Ben began studying violin at the age of 8 in Santa Rosa, CA, and began private instruction with Dominic Dissaro at age 11. He arrived at the University of California Santa Cruz (UCSC), and much to his surprise found himself enrolled in the Music major. He had the great privilege to study advanced classical technique and repertoire under a true master of the violin, Roy Malan. While at UCSC he also studied jazz improvisation with jazz greats Ray Brown (trumpet) and Smith Dobson (piano). He completed a BA in violin performance, and continued on for an MA in 20th Century performance practice, with an emphasis in computer music. Ben spent some time earning a living playing and teaching classical music. He has played with the Santa Cruz Symphony, the Monterey Jazz Festival Orchestra with Roy Hargrove and Terrence Blanchard, and various other symphonies, string quartets, opera companies, etc. Ultimately, he found the classical music world to be unfulfilling, and not particularly lucrative. First and foremost Ben's love of music stems from a feeling of being the music, that he can best achieve through improvisation. He has spent most of his musical energy during recent years intensely studying jazz violin and other fiddle styles. Ben is also an active teacher. He specializes in taking intermediate to advanced classical violinists and continuing their classical training while also broadening their horizons into non-classical and improvisational styles. In 2003 Ben played extensively with the Hot Club of San Francisco (filling in for Evan Price). Since that time, Ben has played with various bands including, Frizz, Hot Club Pacific, Route5, Water Bear, the Djangophiles, Clambake, Graxxus, Xavier and the Classic Band, Blue Lightning, Vagabond Opera, and the 12th Ave Hot Club.


Dale Largent

Dale Largent has been a musician since before he was born. He took up percussion in utero, and he's never looked back. He plays or has played other instruments too, but with Dale it's the pulse of percussion that gets his heart pumping and turns his creativity loose. In spite of his classical training and proficiency on many percussion instruments, Dale has focused the last 10 years strictly on handdrums. Though still fairly young, Dale's developed a large and growing reputation as a performer, teacher, studio sideman, and advocate for the arts. He's shared the stage and/or recorded with many artists and is a founding artist in COYO and Cadence3. He's studied with world-renowned masters Mamady Keita, Famoudou Konate, Souhail Kaspar, Babatunde Olatunji, and Souren Baronian. Dale is a family fellow, sharing life with his wife Barb (a visual artist) and their two kids, Erica and Ben. He lives in Bend, Oregon, a thriving high desert town which, while not yet a hotbed of world music, probably will be by the time Dale gets through.

 What does Taarka mean?

We came up with the name on a spring day in 2002, when Enion, who loves to cook, especially indian food, thought of it: the word which describes roasting spices to create the base for an indian culinary delicacy. There are two kinds of t(a)arkas - wet and dry. A wet t(a)arka is a mix of garlic, ginger and onions sauteed in ghee. A dry t(a)arka is a mixture of whole spices, dry-roasted or fried in oil, til the seeds begin to pop. Yum! Taarka is in fact the sound of the spices roasting...WOW!

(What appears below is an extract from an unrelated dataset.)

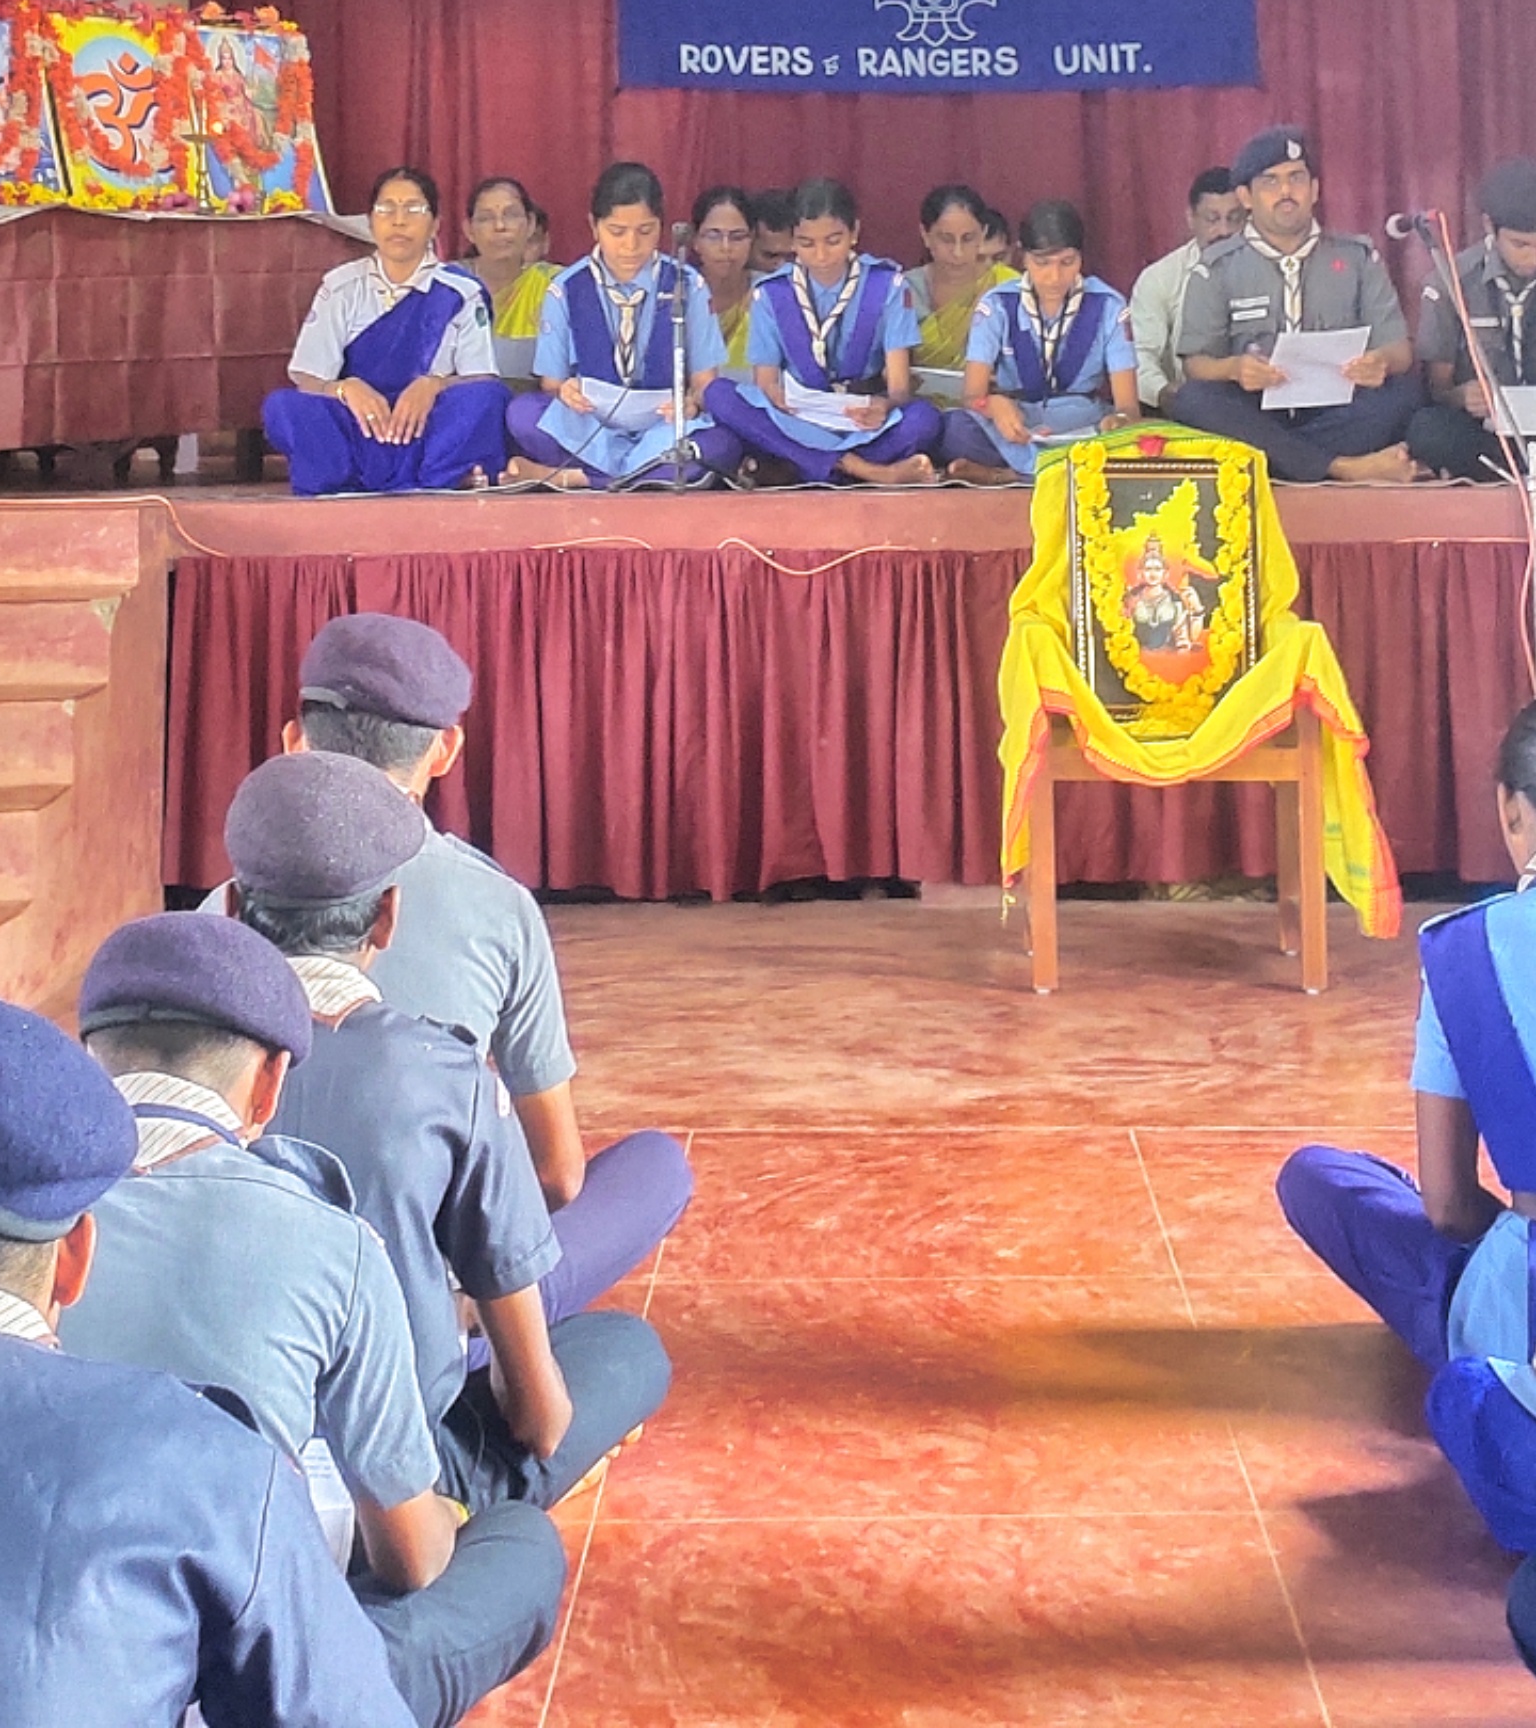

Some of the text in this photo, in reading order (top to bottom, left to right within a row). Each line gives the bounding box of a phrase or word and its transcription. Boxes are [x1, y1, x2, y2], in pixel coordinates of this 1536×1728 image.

[681, 44, 813, 75] ROVERS
[858, 47, 1018, 77] RANGERS
[1055, 43, 1152, 74] UNIT.

In Poland, the device with which one shreds vegetables. This device is known as a Mandolin in English cooking practice.
In Tibetan: Walnut
T(a)arka is also the daughter of the demon suriya in Hindu mythology - a most evil demoness.

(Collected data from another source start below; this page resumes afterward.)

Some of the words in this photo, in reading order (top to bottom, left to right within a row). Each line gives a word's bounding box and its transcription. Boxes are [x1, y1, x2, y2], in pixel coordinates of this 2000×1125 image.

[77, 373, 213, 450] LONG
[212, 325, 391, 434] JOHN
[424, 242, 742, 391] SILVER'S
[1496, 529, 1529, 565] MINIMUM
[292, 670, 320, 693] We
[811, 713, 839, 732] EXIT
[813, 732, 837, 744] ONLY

In Magyar, the language of Hungary: Colorful
A hand-made Flute from Bolivia, which plays a 5 note scale.
The last name of a celebrated Estonian folksinger - Haimila Taarka.

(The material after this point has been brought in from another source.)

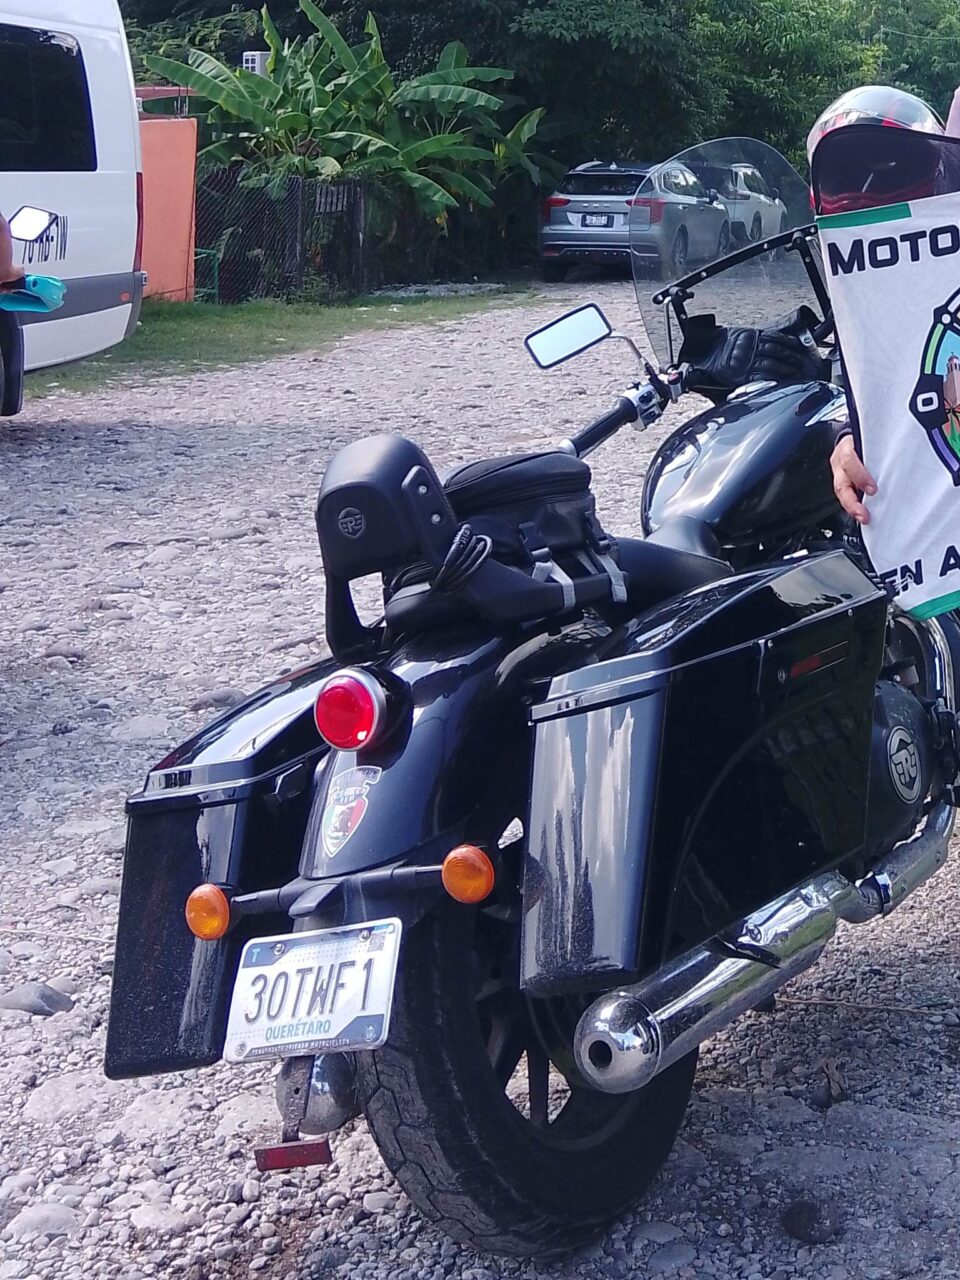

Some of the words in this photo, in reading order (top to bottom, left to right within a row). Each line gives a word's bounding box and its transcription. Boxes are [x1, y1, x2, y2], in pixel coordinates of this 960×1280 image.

[916, 392, 939, 413] O
[879, 559, 924, 596] EN
[244, 958, 373, 1023] 30TWF1
[265, 1018, 331, 1041] QUERÉTARO

In the ever-more-popular Grand Unified Theory in modern physics, which states that the smallest states of matter - quarks, leptons, and other subatomic particles - are not particulate, but are composed of strings of energy which vibrate in different ways to create different "particle behaviors," taarka is the term used to describe the vibration of the strings.
Tarka (note the single 'a') is a heart medication, which, as a Missoula, Montana rag informed us, causes nausea, diarrhea, constipation (?!), and dizziness. This should explain why we use 2 a's instead of one in the definitions where one is the norm.
The residue left on the inside of your skull when you wake up from a really great dream (a chemical fact!)
A village in Tunisia.
A Croatian Noodle Dish.
A town/train line/otter in England.
If you find a definition and want to send it to us (legit definitions only, please), email us at taarka@taarka.com. We'd love to add it to our list!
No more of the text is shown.